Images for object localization
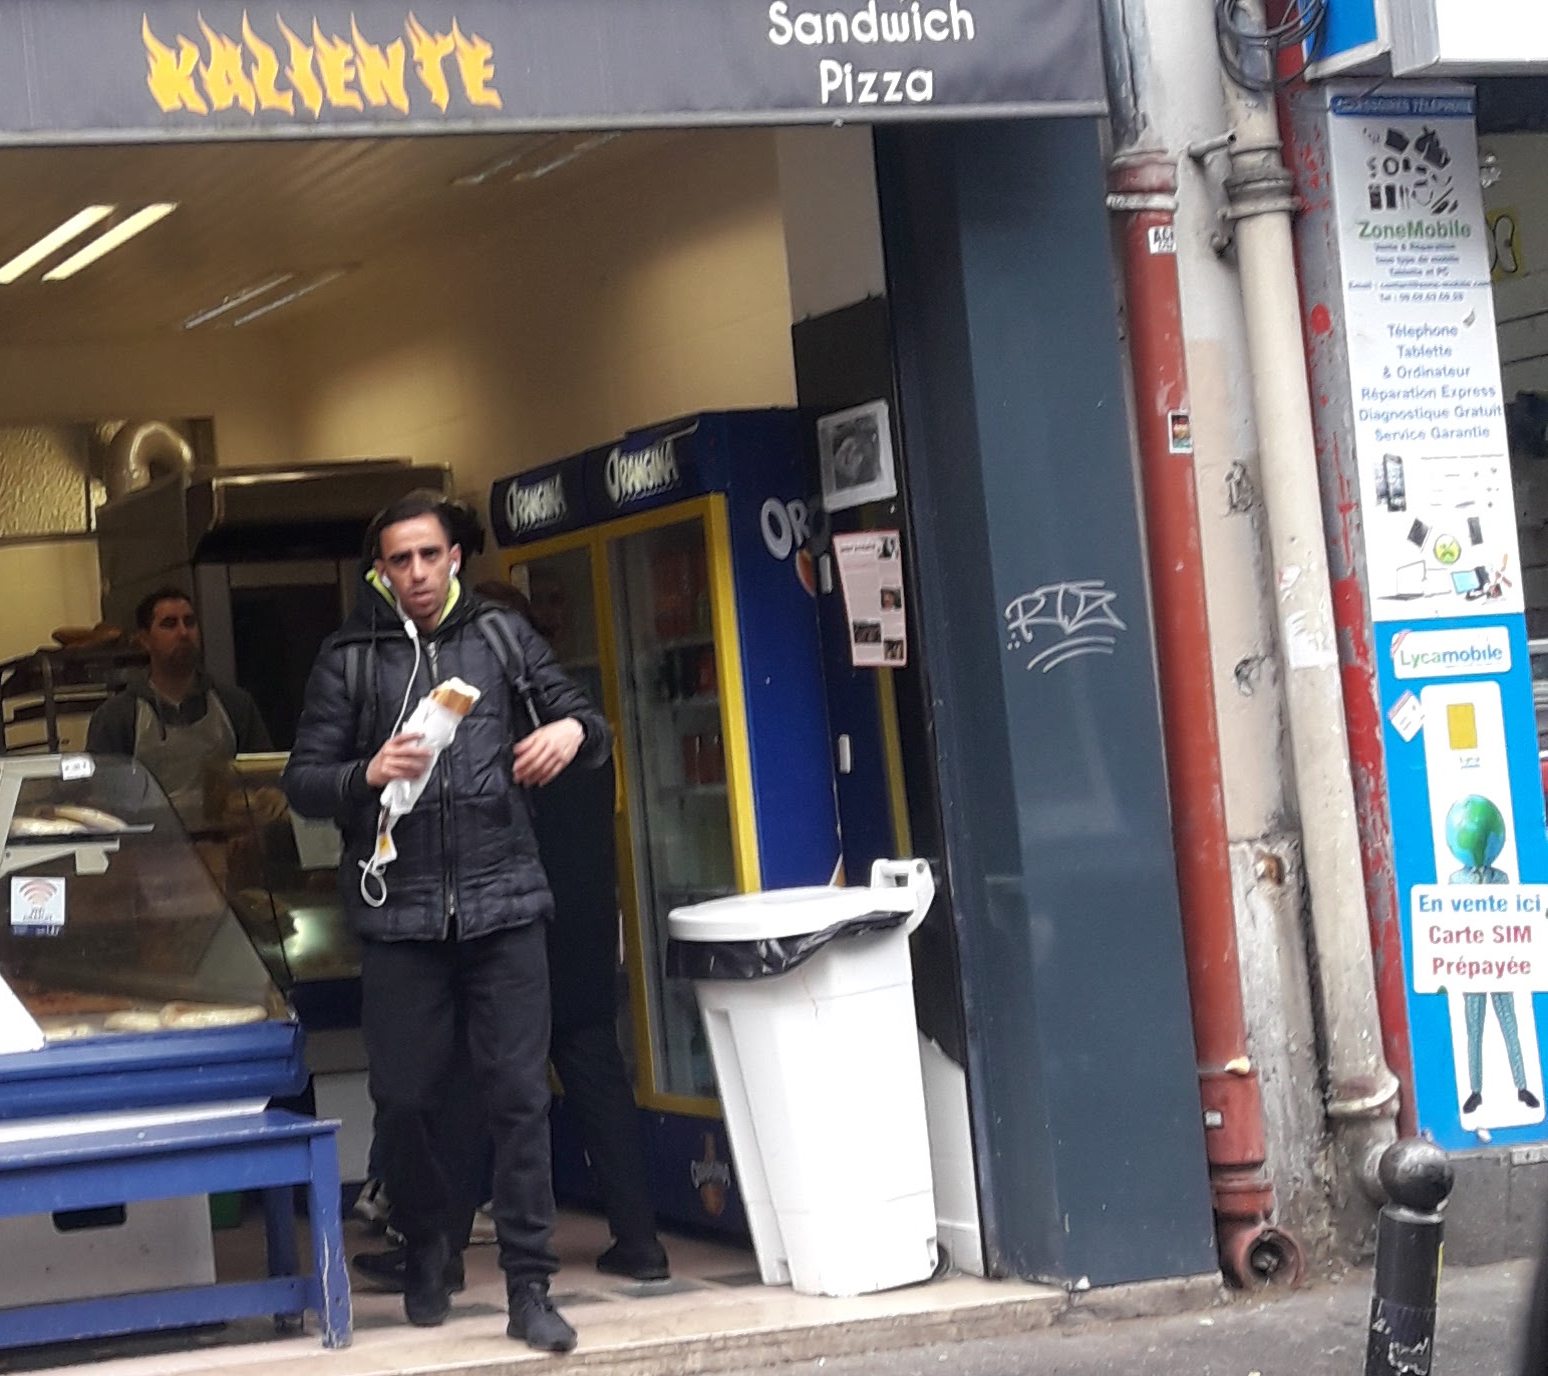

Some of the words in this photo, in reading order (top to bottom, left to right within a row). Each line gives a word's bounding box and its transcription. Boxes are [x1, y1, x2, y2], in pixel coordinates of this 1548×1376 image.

[142, 8, 502, 120] KALIENTE
[819, 59, 933, 104] Pizza
[1355, 220, 1472, 239] ZoneMobile
[1396, 344, 1453, 359] Tablette
[1396, 363, 1471, 379] Ordinateur
[1361, 385, 1437, 403] Réparation
[1441, 384, 1497, 400] Express
[1358, 406, 1450, 424] Diagnostique
[1454, 403, 1503, 419] Gratuit
[1374, 427, 1426, 442] Service
[1430, 425, 1491, 440] Garantie
[1400, 644, 1503, 669] Lycamobile
[1419, 893, 1444, 913] En
[1450, 894, 1508, 913] vente
[1516, 893, 1541, 913] ici
[1428, 925, 1485, 944] Carte
[1492, 925, 1532, 944] SIM
[1432, 955, 1532, 979] Prépayée
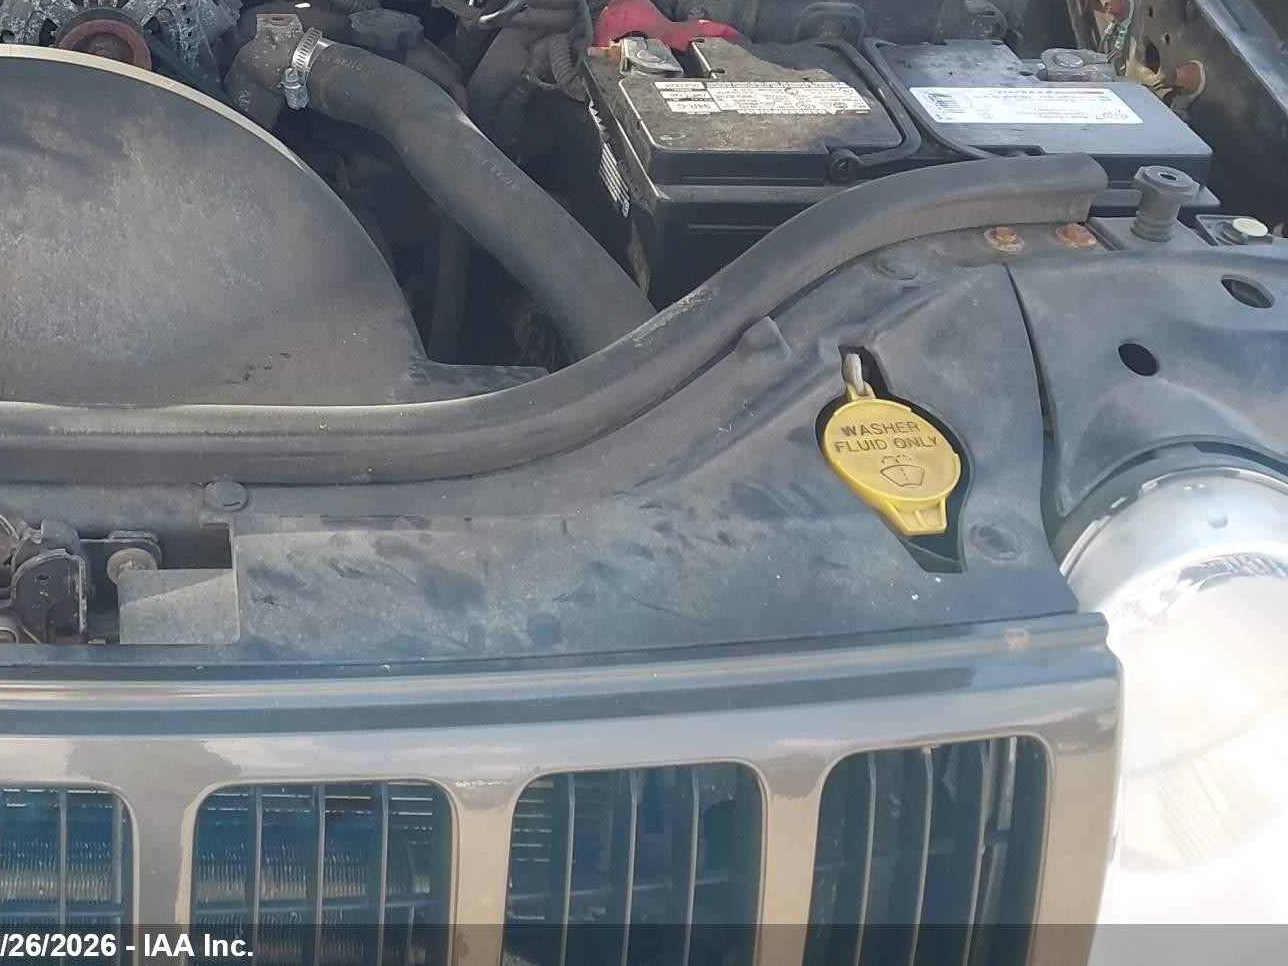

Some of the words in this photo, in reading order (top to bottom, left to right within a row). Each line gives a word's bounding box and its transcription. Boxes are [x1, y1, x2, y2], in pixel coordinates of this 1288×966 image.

[840, 421, 921, 435] WASHER
[835, 437, 888, 452] FLUID
[893, 435, 938, 449] ONLY

Requirement
All entries above, minus the pictures, should be repeated exactly.

Your solution
Some of the words in this photo, in reading order (top to bottom, left to right within a row). Each line gives a word's bounding box and its transcription. Boxes are [x1, y1, x2, y2], in pixel coordinates of this 1548×1376 image.

[142, 8, 502, 120] KALIENTE
[819, 59, 933, 104] Pizza
[1355, 220, 1472, 239] ZoneMobile
[1396, 344, 1453, 359] Tablette
[1396, 363, 1471, 379] Ordinateur
[1361, 385, 1437, 403] Réparation
[1441, 384, 1497, 400] Express
[1358, 406, 1450, 424] Diagnostique
[1454, 403, 1503, 419] Gratuit
[1374, 427, 1426, 442] Service
[1430, 425, 1491, 440] Garantie
[1400, 644, 1503, 669] Lycamobile
[1419, 893, 1444, 913] En
[1450, 894, 1508, 913] vente
[1516, 893, 1541, 913] ici
[1428, 925, 1485, 944] Carte
[1492, 925, 1532, 944] SIM
[1432, 955, 1532, 979] Prépayée

Some of the words in this photo, in reading order (top to bottom, left to right within a row). Each line gives a word's bounding box and its transcription. Boxes are [x1, y1, x2, y2], in pixel coordinates of this 1288×966 image.

[840, 421, 921, 435] WASHER
[835, 437, 888, 452] FLUID
[893, 435, 938, 449] ONLY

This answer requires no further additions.